Stored data
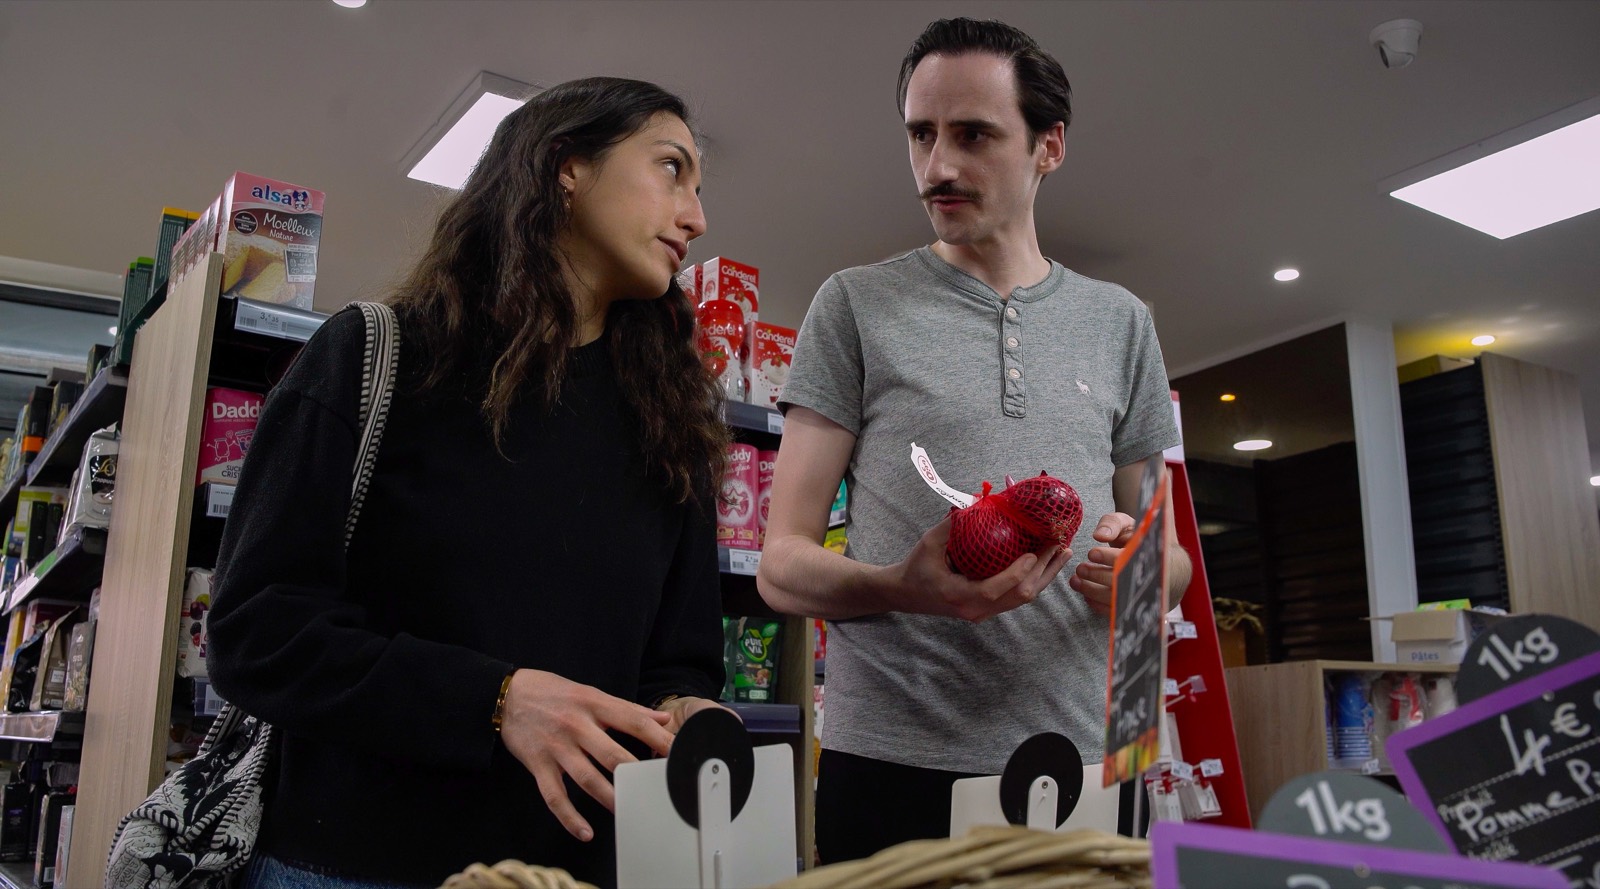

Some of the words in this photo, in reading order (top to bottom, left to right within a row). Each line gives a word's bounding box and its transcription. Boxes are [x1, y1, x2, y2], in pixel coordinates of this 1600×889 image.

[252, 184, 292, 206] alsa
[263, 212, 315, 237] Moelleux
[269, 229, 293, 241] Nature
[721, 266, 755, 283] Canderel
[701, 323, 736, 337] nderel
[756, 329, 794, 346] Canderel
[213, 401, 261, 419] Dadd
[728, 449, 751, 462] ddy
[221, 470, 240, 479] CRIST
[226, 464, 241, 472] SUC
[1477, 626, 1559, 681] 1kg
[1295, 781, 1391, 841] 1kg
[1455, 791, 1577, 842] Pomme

What this task involves
Print the records above word for word, omitting any picture they contain.

Problem solution
Some of the words in this photo, in reading order (top to bottom, left to right within a row). Each line gives a word's bounding box and its transcription. Boxes are [x1, y1, x2, y2], in pixel coordinates of this 1600×889 image.

[252, 184, 292, 206] alsa
[263, 212, 315, 237] Moelleux
[269, 229, 293, 241] Nature
[721, 266, 755, 283] Canderel
[701, 323, 736, 337] nderel
[756, 329, 794, 346] Canderel
[213, 401, 261, 419] Dadd
[728, 449, 751, 462] ddy
[221, 470, 240, 479] CRIST
[226, 464, 241, 472] SUC
[1477, 626, 1559, 681] 1kg
[1295, 781, 1391, 841] 1kg
[1455, 791, 1577, 842] Pomme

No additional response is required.